Cal looked at Ruth and lifted a satisfied eyebrow. “I wonder why you’re so eager to hang around that boy.”

“Because he doesn’t annoy the fuck out of me, Cal.”

“I annoy the fuck out of you, Ruth?”

“Oh, not you. I didn’t mean you.

“I enjoyed our little trip to Concord. Mr. Ellis had a lot of questions for me when I got back. He wanted to know how you and your mother got along, and if you seemed at home there. I told him that you’d both got along swimmingly and that you seemed very much at home there, but I’m sure he’ll want to talk to you about it. Come to think of it, perhaps you should write him a note when you get the chance, thanking him for having sponsored the trip. It’s important to him that the two of you have a good relationship, considering how close your mother and grandmother have been to the Ellis family. And it’s important to him that you get as much time off Fort Niles as possible, Ruth. I told him I’d be happy to take you to Concord at any time, and that we had a good time traveling together. I do enjoy it, Ruth.” He was giving her his heavy-lidded stare now. “Although I can’t get out of my head this idea that someday the two of us will end up in a motel along Route One having filthy sex together.”

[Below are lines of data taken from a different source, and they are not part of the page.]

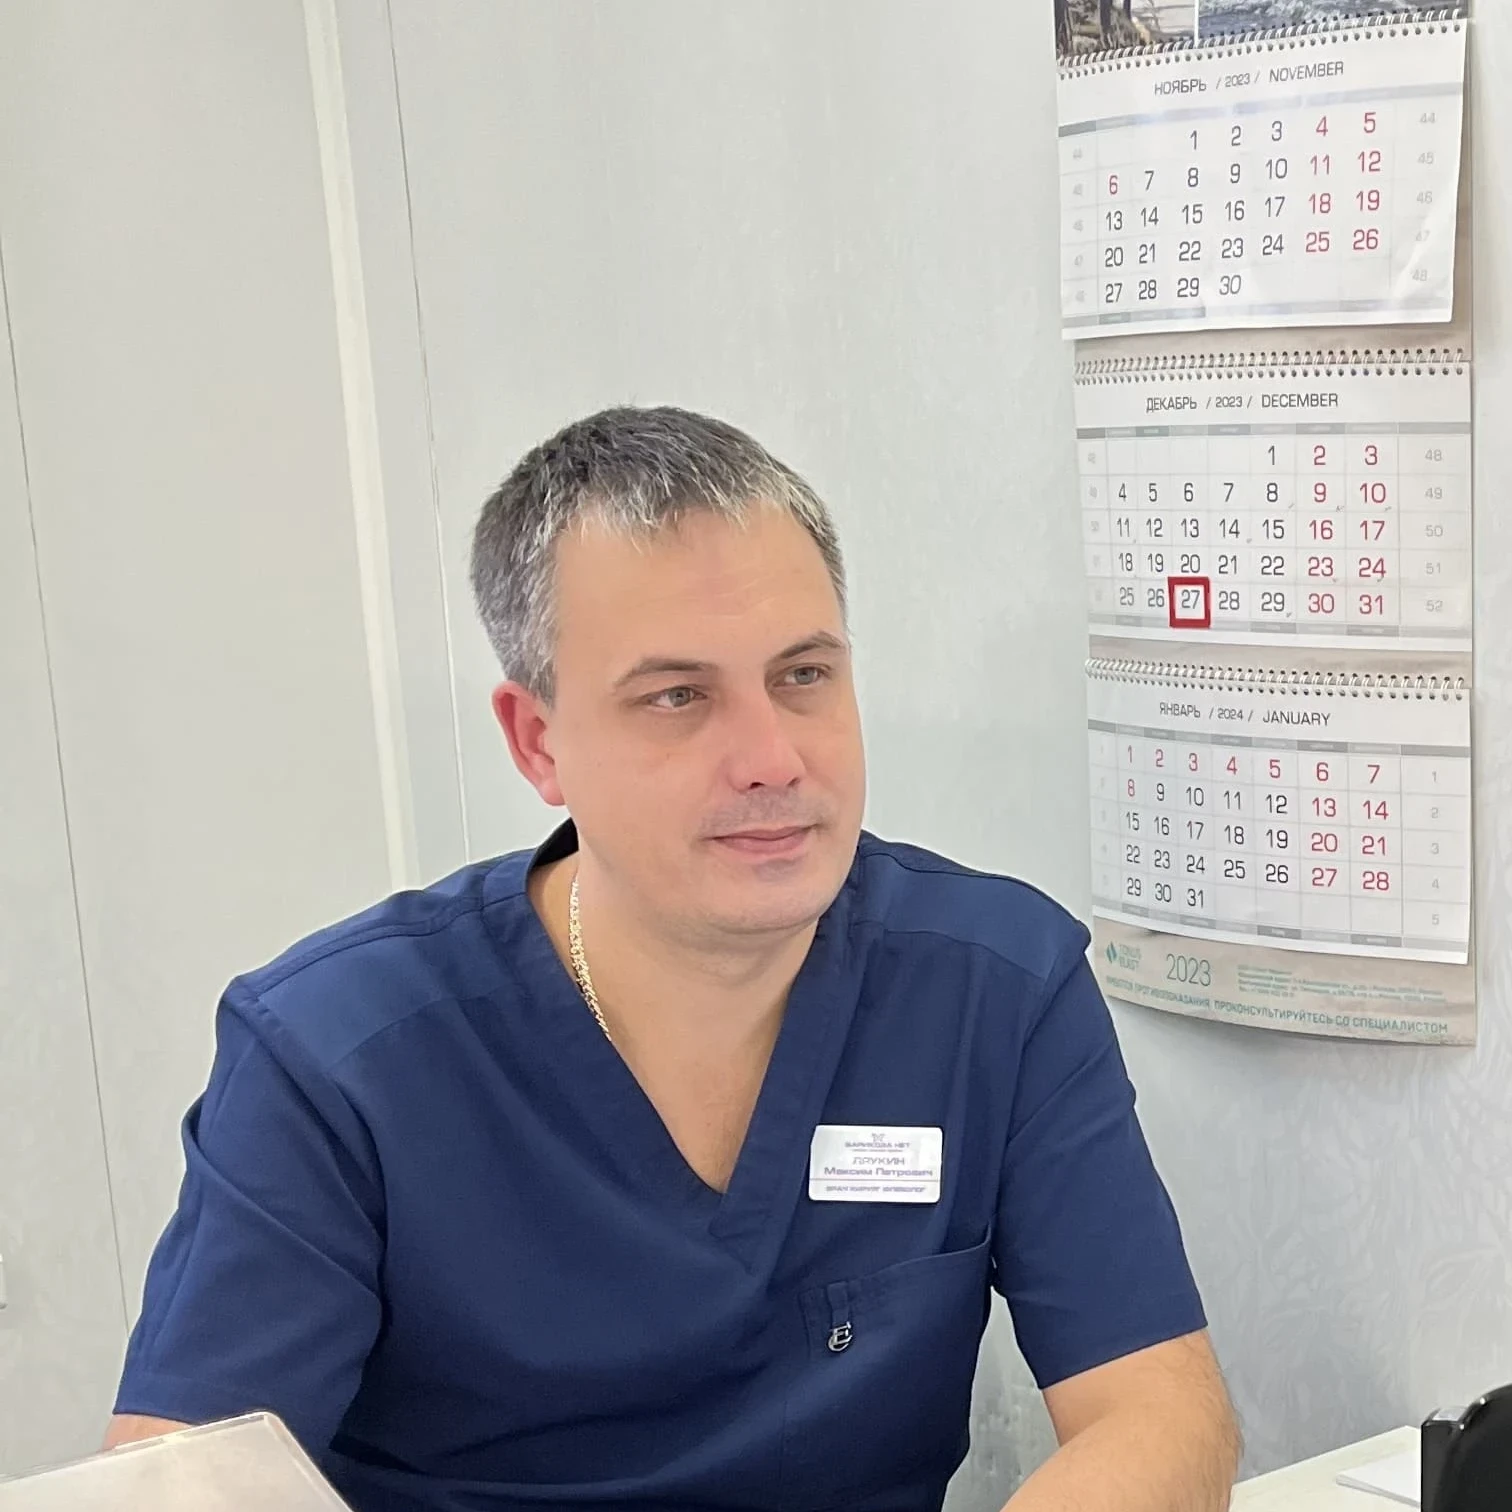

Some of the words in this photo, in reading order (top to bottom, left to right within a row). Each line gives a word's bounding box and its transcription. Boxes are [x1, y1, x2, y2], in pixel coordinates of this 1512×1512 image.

[1154, 78, 1207, 96] НОЯБРЬ
[1225, 73, 1251, 89] 2023
[1269, 61, 1345, 84] NOVEMBER
[1189, 130, 1198, 151] 1
[1230, 125, 1242, 147] 2
[1271, 120, 1283, 142] 3
[1315, 115, 1329, 137] 4
[1363, 111, 1377, 134] 5
[1108, 174, 1118, 196] 6
[1144, 169, 1155, 191] 7
[1187, 167, 1199, 188] 8
[1229, 163, 1241, 184] 9
[1265, 157, 1288, 180] 10
[1309, 154, 1330, 176] 11
[1357, 150, 1381, 173] 12
[1105, 210, 1123, 232] 13
[1140, 206, 1160, 228] 14
[1181, 203, 1203, 225] 15
[1224, 199, 1245, 222] 16
[1264, 195, 1286, 218] 17
[1308, 192, 1332, 215] 18
[1355, 189, 1380, 212] 19
[1104, 246, 1124, 268] 20
[1138, 242, 1156, 265] 21
[1178, 240, 1202, 262] 22
[1221, 237, 1244, 259] 23
[1262, 233, 1285, 256] 24
[1305, 231, 1330, 253] 25
[1352, 228, 1379, 251] 26
[1105, 282, 1123, 304] 27
[1138, 278, 1157, 301] 28
[1176, 277, 1200, 298] 29
[1218, 274, 1242, 296] 30
[1146, 396, 1198, 414] ДЕКАБРЬ
[1215, 395, 1243, 409] 2023
[1261, 393, 1339, 409] DECEMBER
[1267, 445, 1276, 466] 1
[1313, 444, 1326, 466] 2
[1364, 444, 1378, 466] 3
[1118, 482, 1127, 502] 4
[1148, 482, 1158, 503] 5
[1183, 482, 1194, 503] 6
[1223, 482, 1234, 503] 7
[1266, 482, 1279, 503] 8
[1313, 482, 1327, 503] 9
[1359, 482, 1387, 504] 10
[1116, 517, 1130, 538] 11
[1145, 517, 1164, 538] 12
[1180, 518, 1200, 539] 13
[1219, 518, 1241, 539] 14
[1262, 518, 1285, 540] 15
[1309, 519, 1334, 541] 16
[1359, 520, 1386, 541] 17
[1118, 552, 1134, 572] 18
[1147, 553, 1164, 573] 19
[1180, 553, 1201, 574] 20
[1218, 554, 1237, 575] 21
[1260, 555, 1285, 576] 22
[1307, 556, 1334, 577] 23
[1358, 557, 1387, 579] 24
[1119, 586, 1135, 607] 25
[1147, 588, 1166, 609] 26
[1180, 589, 1200, 610] 27
[1218, 590, 1240, 611] 28
[1261, 591, 1285, 612] 29
[1308, 592, 1335, 614] 30
[1359, 594, 1383, 615] 31
[1159, 702, 1201, 719] ЯНВАРЬ
[1217, 707, 1244, 721] 2024
[1263, 709, 1331, 727] JANUARY
[1127, 744, 1133, 763] 1
[1155, 748, 1164, 768] 2
[1188, 752, 1199, 772] 3
[1226, 756, 1238, 775] 4
[1269, 758, 1281, 779] 5
[1316, 761, 1329, 782] 6
[1367, 764, 1381, 784] 7
[1127, 778, 1136, 798] 8
[1156, 782, 1165, 802] 9
[1185, 786, 1205, 807] 10
[1223, 790, 1241, 811] 11
[1266, 793, 1288, 815] 12
[1311, 796, 1337, 818] 13
[1362, 799, 1389, 821] 14
[1125, 811, 1140, 832] 15
[1153, 816, 1170, 836] 16
[1186, 820, 1205, 841] 17
[1224, 824, 1245, 846] 18
[1266, 828, 1289, 850] 19
[1311, 832, 1338, 853] 20
[1361, 835, 1386, 856] 21
[1126, 843, 1141, 864] 22
[1153, 849, 1171, 870] 23
[1186, 854, 1206, 874] 24
[1223, 859, 1246, 880] 25
[1265, 863, 1289, 884] 26
[1311, 867, 1338, 888] 27
[1362, 870, 1390, 892] 28
[1126, 876, 1142, 897] 29
[1154, 882, 1172, 903] 30
[1186, 887, 1204, 908] 31
[1165, 953, 1212, 987] 2023
[1214, 999, 1334, 1024] ПРОКОНСУЛЬТИРУЙТЕСЬ
[1335, 1015, 1350, 1026] СО
[1352, 1017, 1448, 1034] СПЕЦИАЛИСТОМ
[823, 1166, 873, 1176] Максим
[875, 1167, 933, 1177] Петрович

Ruth laughed. “Get it out of your head.”

“Why are you laughing?”

“Because Old Cal Cooley is such a funny man,” Ruth said. Which was not at all the truth. The truth was that Ruth was laughing because she had decided-as she often did, with varying degrees of success-that Old Cal Cooley was not going to get to her. She wouldn’t allow it. He could heap upon her loads of his most insidious abuse, but she would not rise to it. Certainly not today.

“I know it’s only a matter of time before you start having filthy sex with somebody, Ruth. All signs point to it.”

“Now we’re going to play a different kind of game,” Ruth said. “Now you leave me alone for a while.”

“And you should keep yourself away from Owney Wishnell, by the way,” Cal said as he walked down the porch steps and wandered into the garden. “It’s obvious that you’re up to something with that boy, and nobody likes it.”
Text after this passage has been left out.